Scotland was poised Thursday to become the first country in the United Kingdom to outlaw spanking and other physical punishment for children.
The bill, if passed, would “give children the same legal protection from assault that adults currently enjoy,” says John Finnie, a member of the Scottish Parliament who introduced the bill.
At least 57 other countries already ban child corporal punishment, with Sweden becoming the first to do so, in 1979, according to the BBC.
Adults and caregivers can currently use “reasonable” physical force as punishment, but the majority of the Scottish Parliament supports the ban, the British broadcaster reported.
“I hope that Scotland will take this opportunity and then it can say with some justification that it’s the best place for a child to be brought up,” Finnie told the British Press Association.
Paediatricians group: Ban spanking
The Scottish law would ban all forms of physical punishment, including smacking, kicking, shaking, throwing or scratching children, among other forms of assault, according to the BBC.
In practice, Scottish law currently allows some hitting or smacking of children under 16 on their bodies, but does not allow hitting on their heads or shaking, the BBC reported.
Opponents of the Scottish bill, however, say it would unnecessarily criminalize otherwise good parents.
“Seeking to further the protection of children is highly commendable, but a smacking ban is not the way to do it,” Jamie Gillies, from the opposition group Be Reasonable, told reporters. “The government should invest in current services, which are already hard-pressed, and bolster their ability to identify and tackle abuse.”
Physical punishment for children can lead to behavioural, cognitive, psychosocial, and emotional problems, the American Academy of Pediatrics said in a 2018 policy statement that advises parents against physical and verbal abuse of children.
In February, the American Psychological Association also called for a ban to spanking because of short- and long-term harm to children.
“The research on the adverse outcomes associated with physical discipline indicates that any perceived short-term benefits of physical discipline do not outweigh the detriments of this form of discipline,” the group said in its Resolution on Physical Discipline of Children By Parents.

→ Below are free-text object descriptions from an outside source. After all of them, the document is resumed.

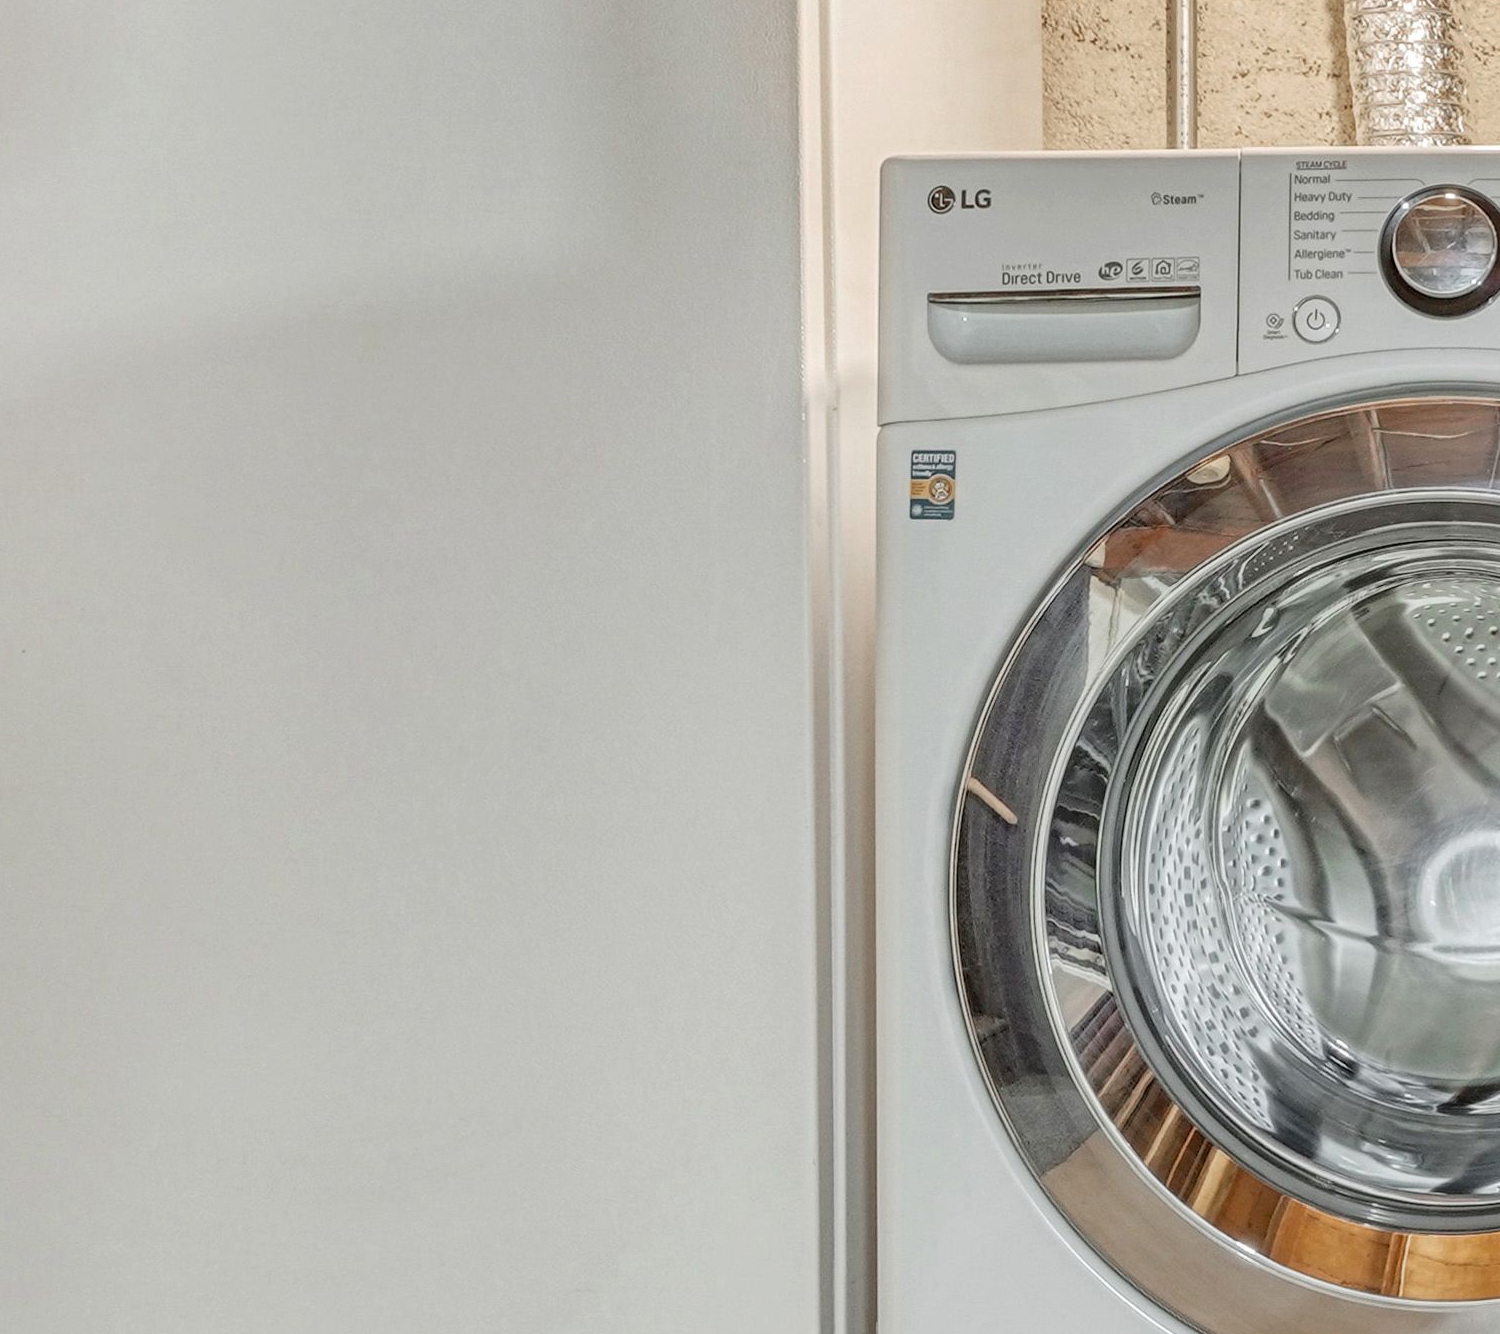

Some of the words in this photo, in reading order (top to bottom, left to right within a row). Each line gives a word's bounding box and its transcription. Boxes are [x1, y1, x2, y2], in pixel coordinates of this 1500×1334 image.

[1296, 161, 1322, 169] STEAM
[1294, 174, 1331, 184] Normal
[961, 189, 992, 209] LG
[1294, 192, 1326, 204] Heavy
[1328, 192, 1352, 202] Duty
[1294, 211, 1335, 222] Bedding
[1293, 230, 1336, 242] Sanitary
[1002, 271, 1043, 286] Direct
[1046, 270, 1081, 285] Drive
[1295, 269, 1313, 280] Tub
[1314, 269, 1344, 280] Clean
[913, 453, 955, 463] CERTIFIED
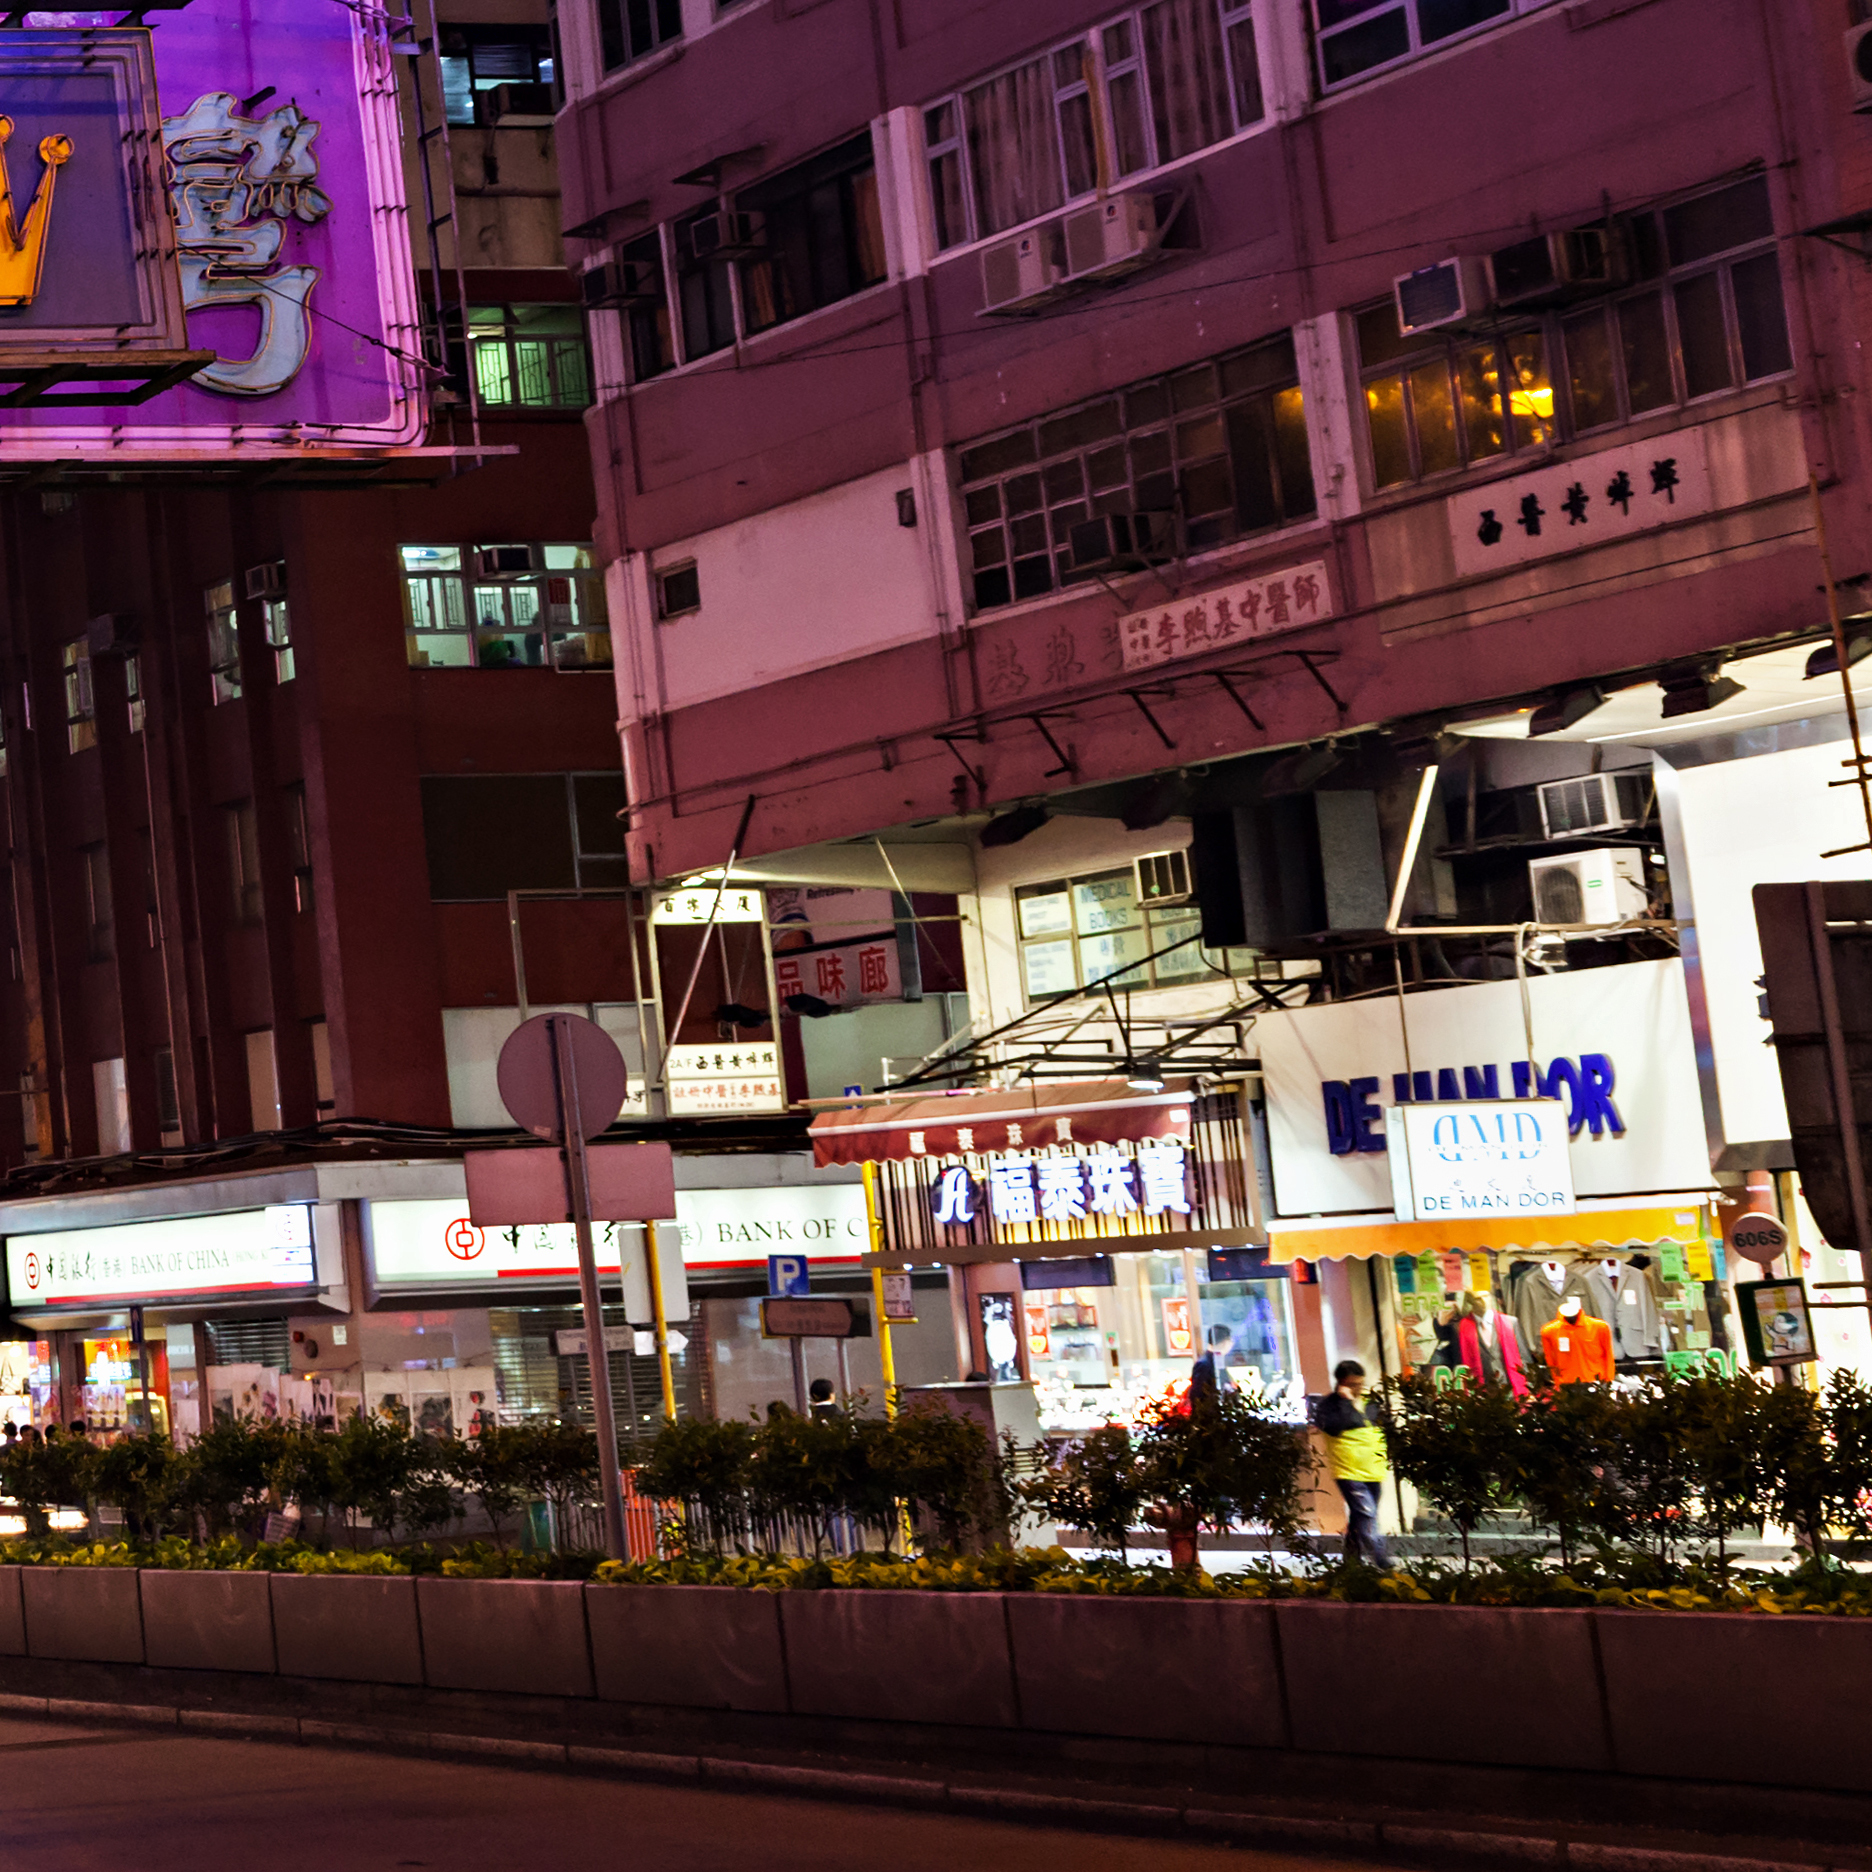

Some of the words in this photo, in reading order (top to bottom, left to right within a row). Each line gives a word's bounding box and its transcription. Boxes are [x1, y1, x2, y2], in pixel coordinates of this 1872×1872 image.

[1089, 908, 1128, 929] BOOKS
[1322, 1076, 1388, 1155] DE
[990, 1145, 1191, 1225] 福泰珠寶
[1424, 1196, 1452, 1211] DE
[1462, 1193, 1510, 1209] MAN
[1519, 1190, 1567, 1207] DOR
[718, 1222, 793, 1243] BANK
[803, 1218, 837, 1240] OF
[1734, 1231, 1784, 1248] 606S
[131, 1254, 164, 1275] BANK
[168, 1252, 184, 1272] OF
[186, 1248, 230, 1270] CHINA
[775, 1259, 802, 1291] P

Effective in 1990, the United Nations Convention on the Rights of the Child calls on member states to “take all appropriate legislative, administrative, social and educational measures to protect the child from all forms of physical or mental violence.” The United Kingdom has ratified the convention.
In the United States, which signed the UN Convention but didn’t ratify it, corporal punishment is still allowed in homes and in schools in some states, according to the Global Initiative to End All Corporal Punishment of Children.